Personality disordered people are known for pathological lying and projection, which means they blame and accuse the other parent for doing exactly what it is they are doing. This is a very confusing dynamic. It is not at all uncommon that a pathological parent will accuse the other parent of being mentally ill, and in front of the children. This is a defense mechanism against his or her own mental illness. A disordered individual really needs to believe it is the other person creating the problems because he or she is incapable of taking any responsibility for his or her own actions and behavior.

How to talk to your children depends on the age and awareness level of the kids. Some very young children are extremely aware and others are not so aware. You will need to tune into the cues of your children and listen to their reality and help to guide them. If they asked a question concerning the behavior of the other parent or why you live apart or are divorcing, speak honestly but with tact and speak at the emotional level of your child so he or she can understand what you are saying. Encourage conversation and questions.

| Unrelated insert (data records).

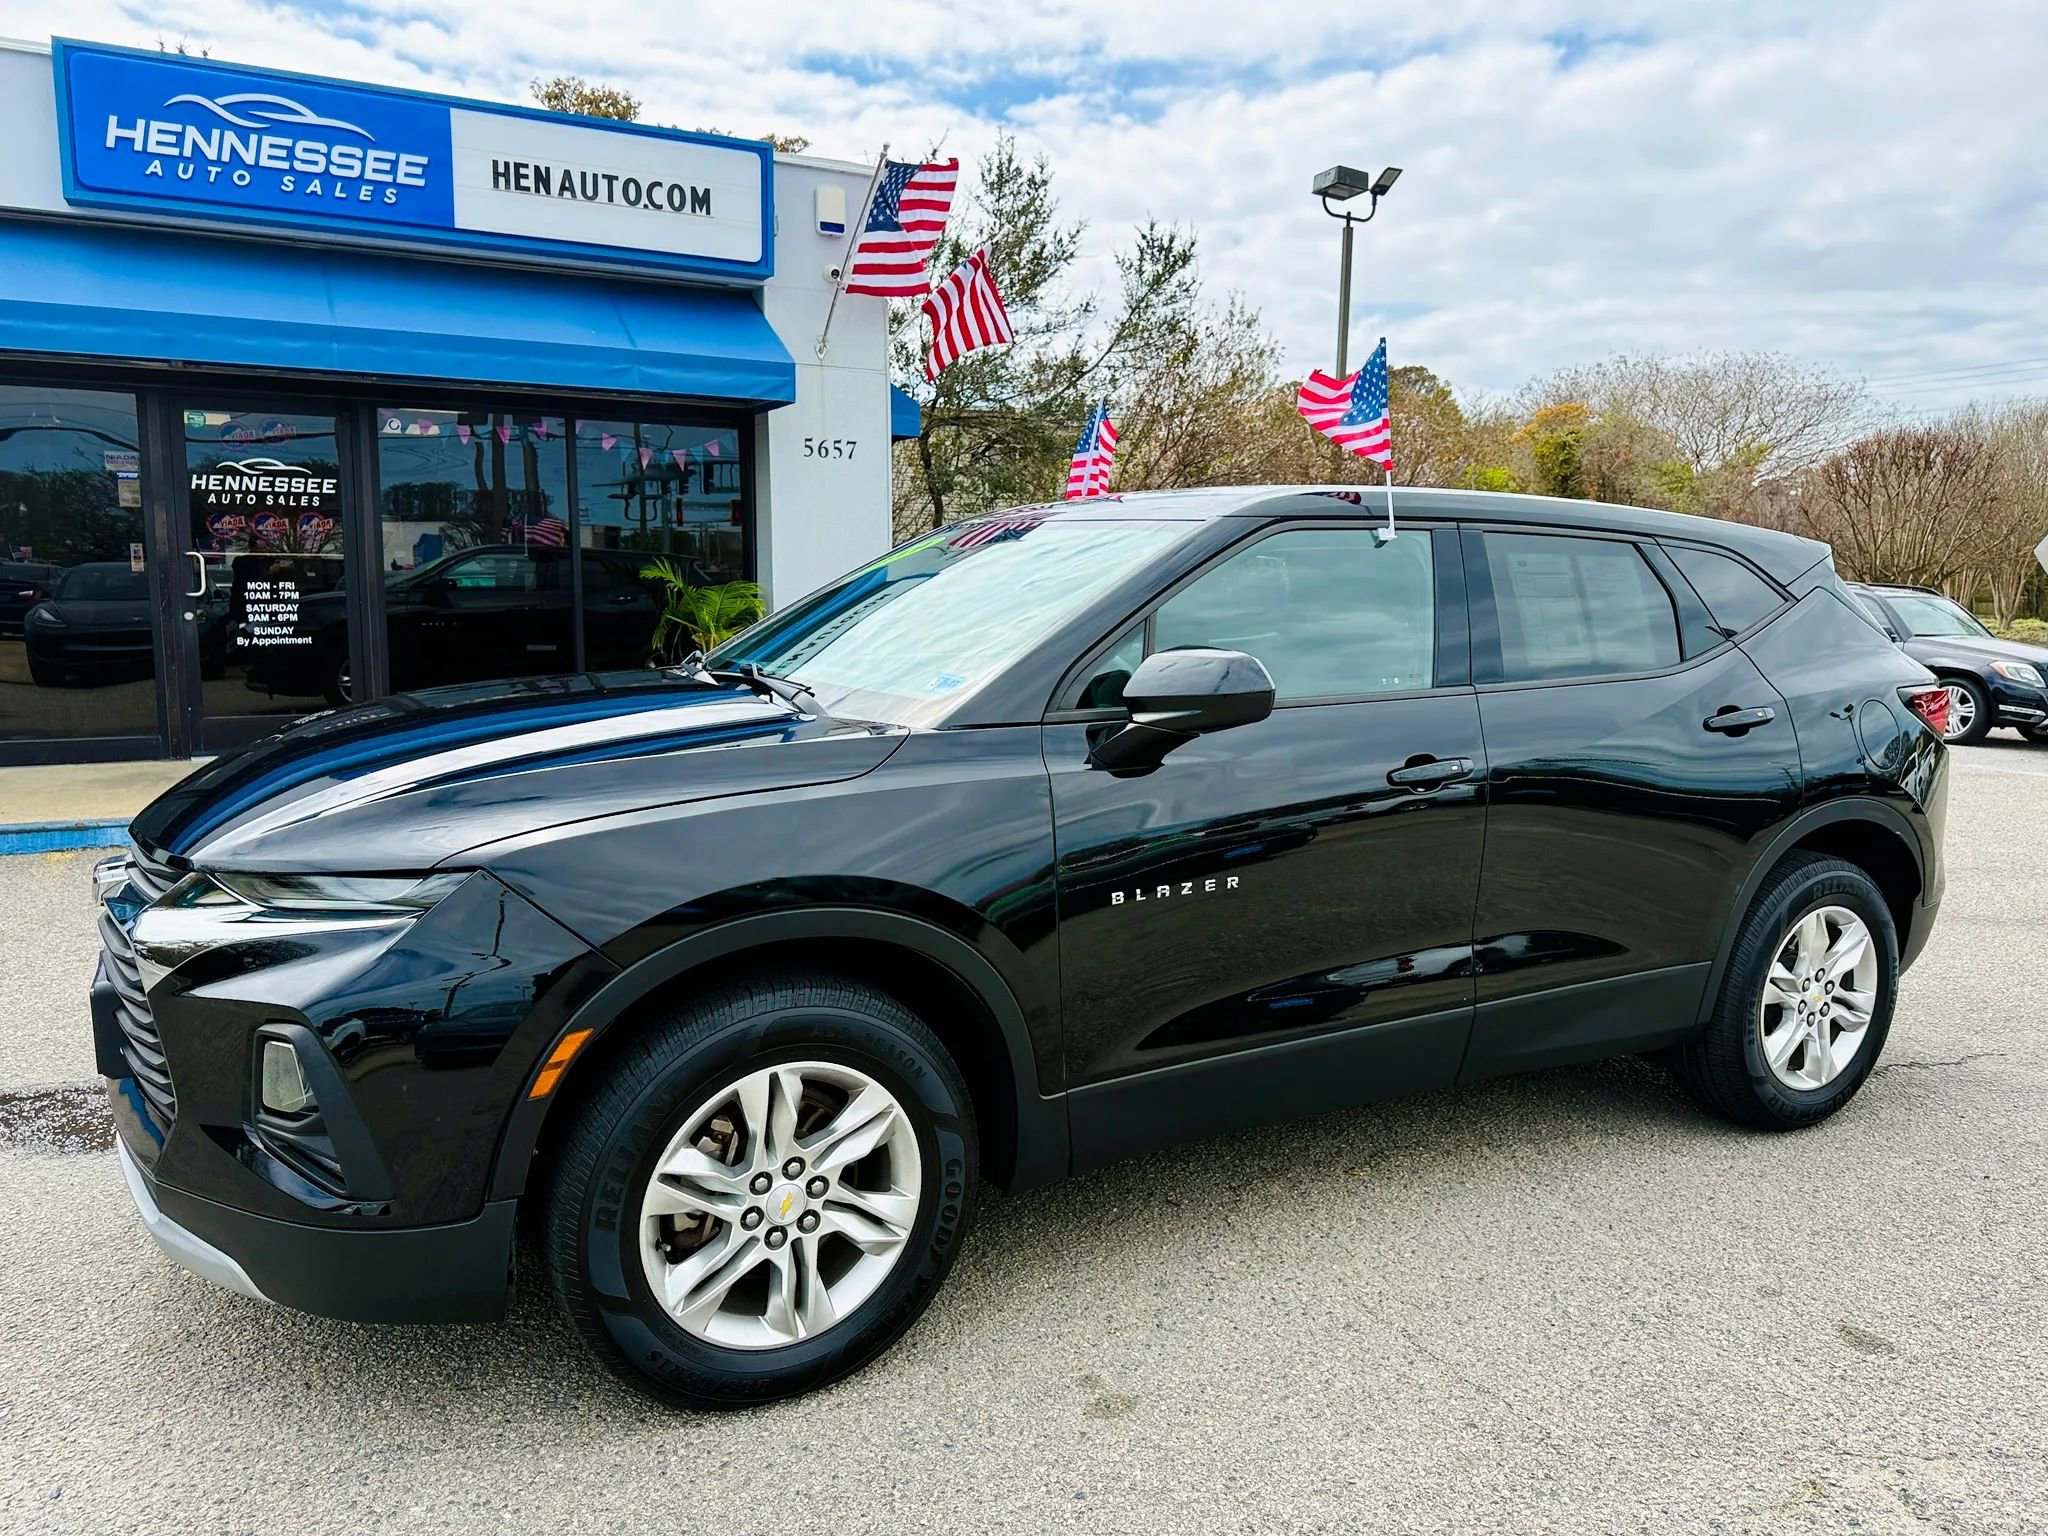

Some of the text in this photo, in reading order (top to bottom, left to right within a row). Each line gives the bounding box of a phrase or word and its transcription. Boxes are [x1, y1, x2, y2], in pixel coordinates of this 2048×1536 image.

[105, 114, 429, 187] HENNESSEE
[145, 159, 398, 205] AUTO SALES
[491, 159, 712, 217] HENAUTO.COM
[803, 436, 857, 460] 5657
[191, 474, 338, 494] HENNESSEE
[207, 493, 320, 507] AUTO SALES
[246, 581, 271, 590] MON
[278, 581, 295, 590] FRI
[244, 591, 271, 600] 10AM
[278, 591, 300, 600] 7PM
[245, 603, 299, 613] SATURDAY
[247, 613, 270, 622] 9AM
[277, 613, 298, 622] 6PM
[253, 626, 294, 635] SUNDAY
[236, 636, 313, 647] By Appointment
[1111, 876, 1240, 906] BLAZER

It is the nature of a child to love both parents and want the love, attention and approval of both parents. It is important to pay attention to the relationship your child is having with the other parent. If your child is “in love” with the disordered parent, it is important to support that love and acceptance of the other parent but also explain to the child that Mommy and Daddy see things differently. You might use props to demonstrate how when you look through this pair of glasses the world looks different. You might also show your child how life looks without any of the eye glasses and explain this as an “unaltered” view. You might explain that when people have a mental illness they are looking at life through a very different pair of glasses and pick a pair that really distorts their vision so they can get an idea of what you are talking about.

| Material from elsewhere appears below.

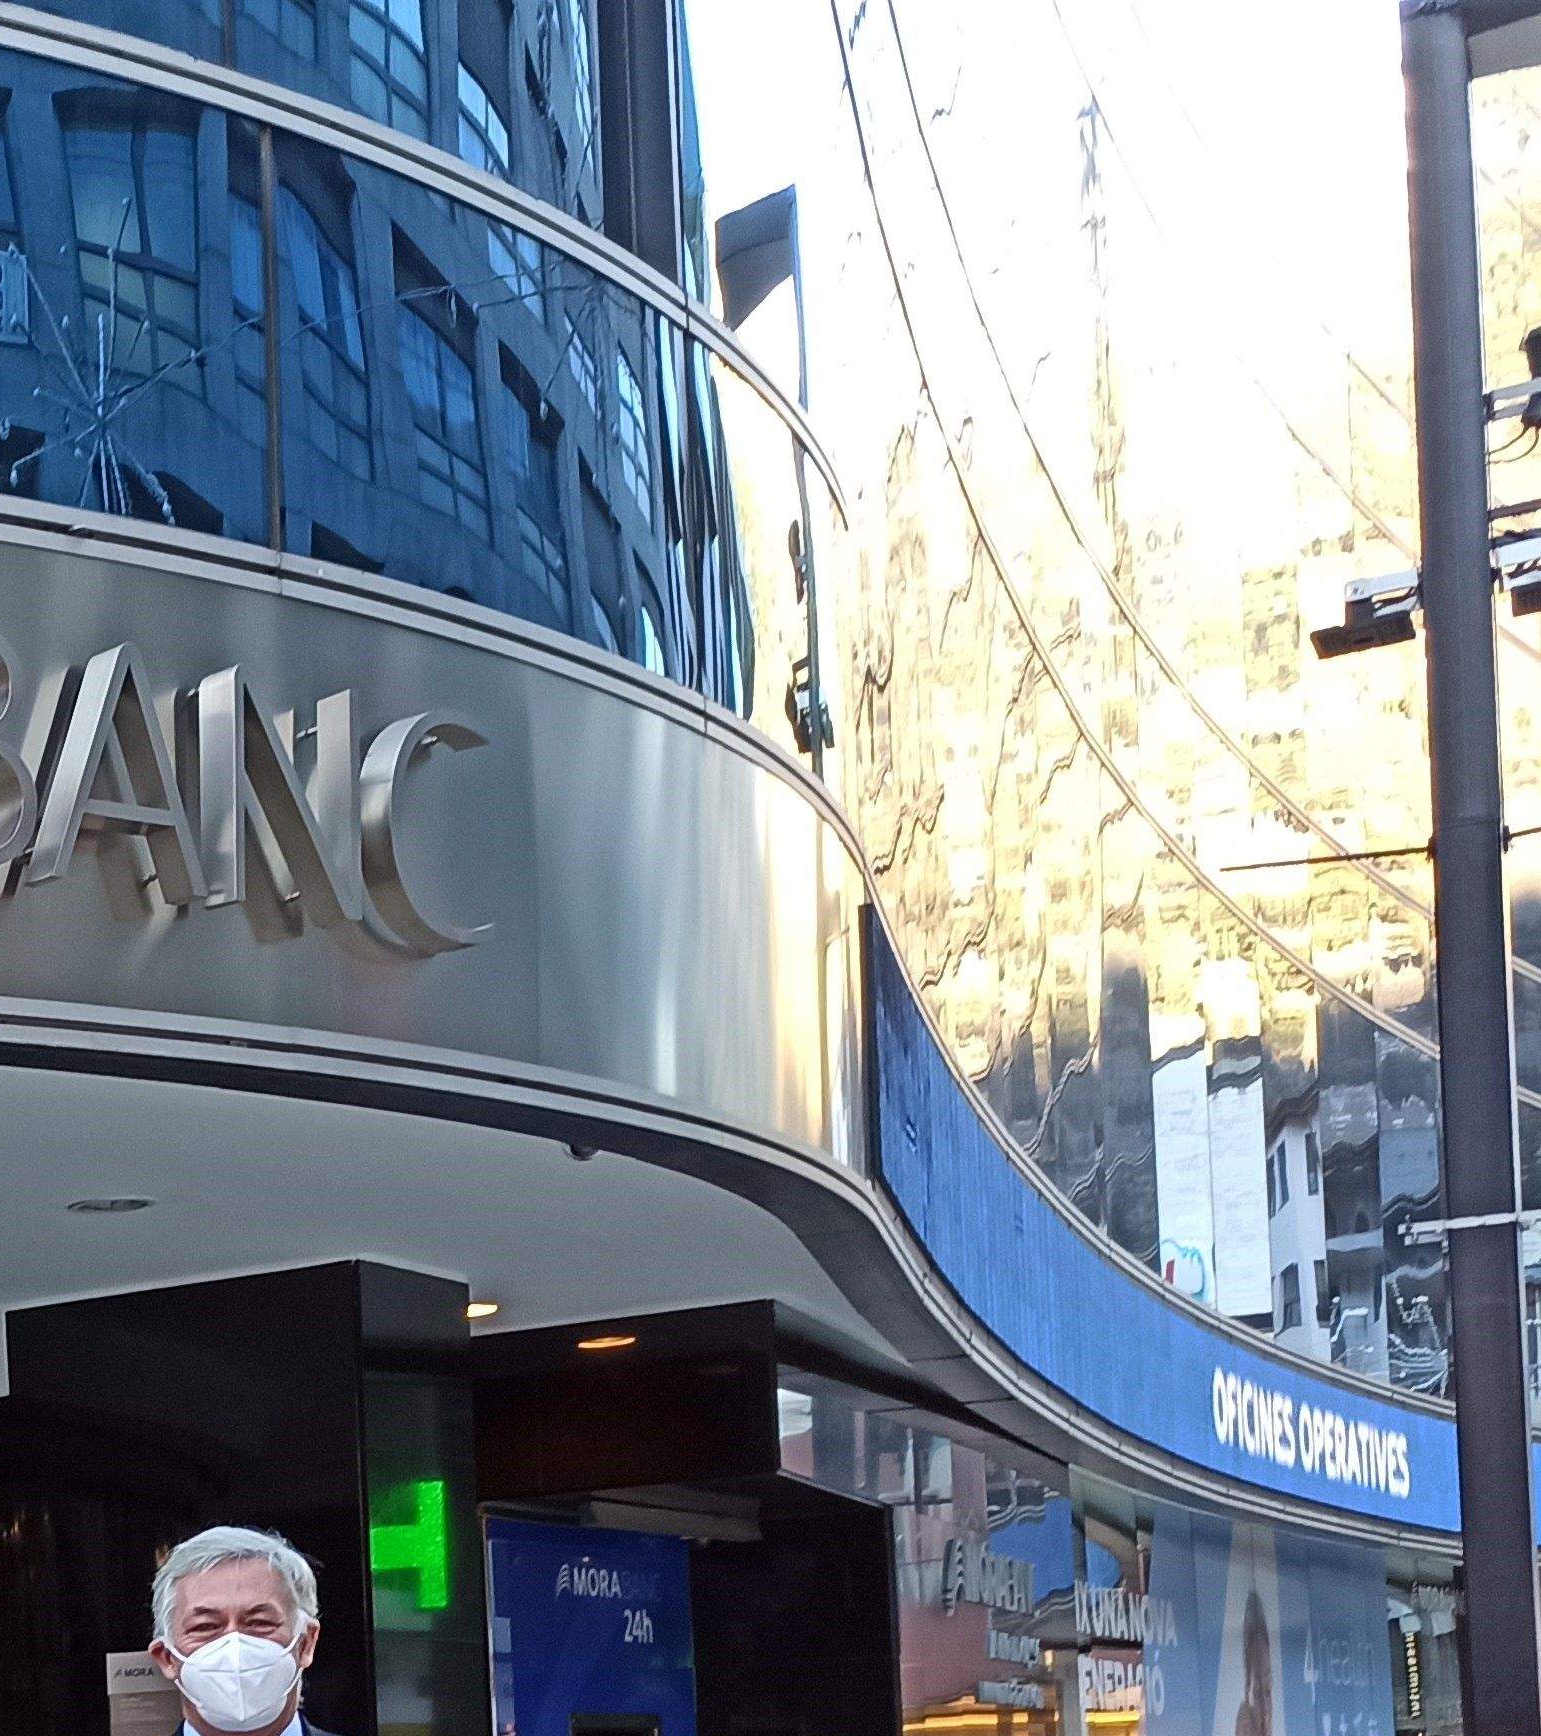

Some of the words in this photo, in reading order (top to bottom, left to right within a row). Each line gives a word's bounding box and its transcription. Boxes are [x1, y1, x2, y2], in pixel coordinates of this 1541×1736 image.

[1213, 1365, 1296, 1470] OFICINES
[1299, 1401, 1410, 1500] OPERATIVES
[623, 1608, 655, 1644] 24h

When my son was young I made the mistake of “following the rules” and did not mention to my son that his Father had bi-polar disorder. Since my ex-husband was on medication for bi-polar disorder I believed he would tell his son and I felt it was his place to do so, not mine. When my son came to me, at the age of sixteen, confused and hurt by his Dad’s behavior I asked “did you know your Dad has bi-polar Disorder?” My son got very upset and said “Really? Really? Why didn’t anyone ever tell me?” He was angry that he was left in the dark about such an important matter. It was then I realized I made a mistake by not talking to him about his Dad’s disorder earlier. This is why I now encourage parents to talk to their children about their parent’s mental illness or personality disorder. If we don’t, the children will often feel crazy and believe it is somehow their own fault.

People with personality disorders and bi-polar disorder don’t live in the same reality as the “average” individual. In all fairness we all live in a different reality but we can all usually agree that white is white and black is black. A personality disordered person will argue with you that white is black and you are colorblind and be very convincing. You may start to believe that you aren’t seeing things accurately and begin to doubt yourself. You may have to take that “white” piece of paper to a friend and ask “what color is this?” Your friend will likely say “white, are you colorblind?”

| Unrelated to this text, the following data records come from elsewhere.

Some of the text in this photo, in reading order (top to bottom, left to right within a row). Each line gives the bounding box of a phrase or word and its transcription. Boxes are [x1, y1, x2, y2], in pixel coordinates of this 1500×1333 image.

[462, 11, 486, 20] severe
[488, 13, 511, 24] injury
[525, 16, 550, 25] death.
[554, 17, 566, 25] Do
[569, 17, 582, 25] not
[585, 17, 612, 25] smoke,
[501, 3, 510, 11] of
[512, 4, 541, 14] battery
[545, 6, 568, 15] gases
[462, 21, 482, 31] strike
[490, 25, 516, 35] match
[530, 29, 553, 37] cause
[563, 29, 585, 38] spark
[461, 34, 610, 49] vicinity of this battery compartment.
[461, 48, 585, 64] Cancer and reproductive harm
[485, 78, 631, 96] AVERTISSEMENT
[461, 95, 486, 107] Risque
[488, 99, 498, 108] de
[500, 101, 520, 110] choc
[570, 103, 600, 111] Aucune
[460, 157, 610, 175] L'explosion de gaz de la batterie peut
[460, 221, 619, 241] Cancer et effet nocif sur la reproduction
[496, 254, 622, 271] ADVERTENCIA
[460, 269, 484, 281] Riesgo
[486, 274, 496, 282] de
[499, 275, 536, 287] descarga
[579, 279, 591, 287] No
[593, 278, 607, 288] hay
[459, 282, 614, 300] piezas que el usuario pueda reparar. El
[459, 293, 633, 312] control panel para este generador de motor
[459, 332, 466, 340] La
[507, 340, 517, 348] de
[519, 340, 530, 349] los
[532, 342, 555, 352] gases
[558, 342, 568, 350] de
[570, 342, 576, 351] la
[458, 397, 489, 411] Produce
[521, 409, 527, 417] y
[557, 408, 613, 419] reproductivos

To live with a personality disordered individual is to live in a distorted reality and your children will also be living in this distorted reality. You need to get the help you need to align with your own truth, learn to trust yourself and teach your children to trust themselves as well. Narcissistic parents breed children who are either narcissistic themselves or have very low self-esteem, stemming from years of abuse.

As the healthy parent you are your children’s link to sanity and a healthy sense of self-worth. Having one good, kind and loving parent can counteract the effects of the abusive, undermining and mentally ill parent. Be the example of emotional health by learning how to demonstrate it to your children and validate their emotional reality.